Copy each line below exactly as it appears. Pictures are to be omitted.

■ Records for the task:
....

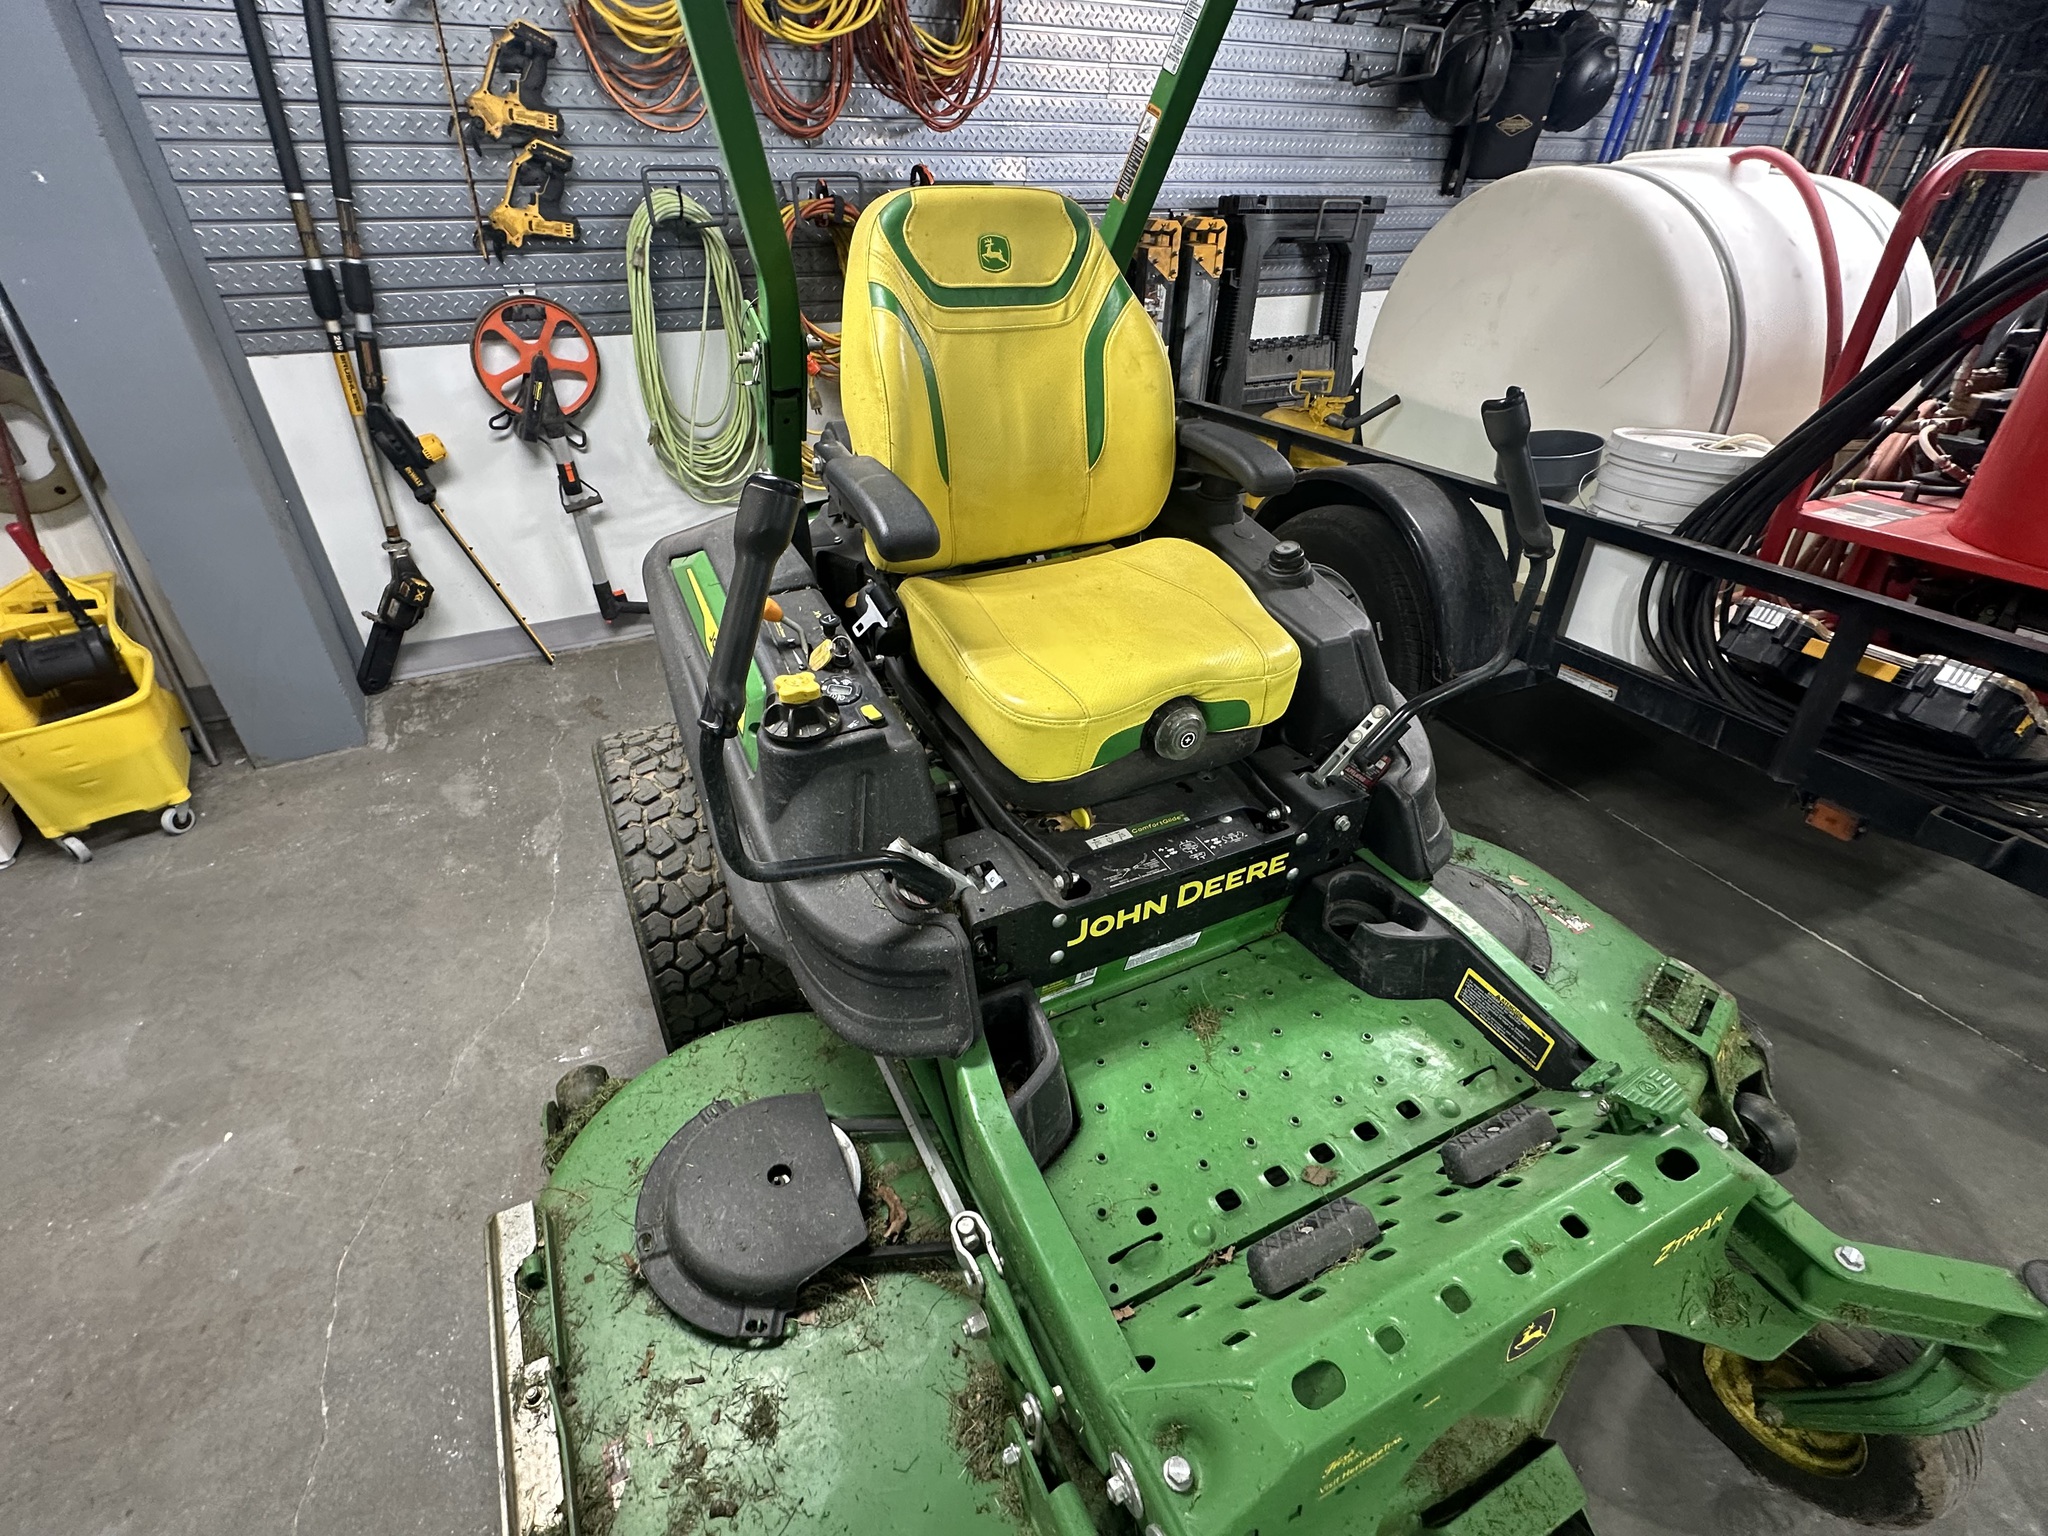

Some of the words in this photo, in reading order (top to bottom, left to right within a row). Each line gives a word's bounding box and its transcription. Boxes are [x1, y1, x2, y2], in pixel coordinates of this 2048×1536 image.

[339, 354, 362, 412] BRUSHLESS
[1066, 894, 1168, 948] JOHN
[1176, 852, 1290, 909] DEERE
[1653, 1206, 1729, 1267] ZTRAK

....

■ Answer for this exercise:
Some of the words in this photo, in reading order (top to bottom, left to right within a row). Each line gives a word's bounding box and its transcription. Boxes are [x1, y1, x2, y2], in pixel coordinates of this 2048×1536 image.

[339, 354, 362, 412] BRUSHLESS
[1066, 894, 1168, 948] JOHN
[1176, 852, 1290, 909] DEERE
[1653, 1206, 1729, 1267] ZTRAK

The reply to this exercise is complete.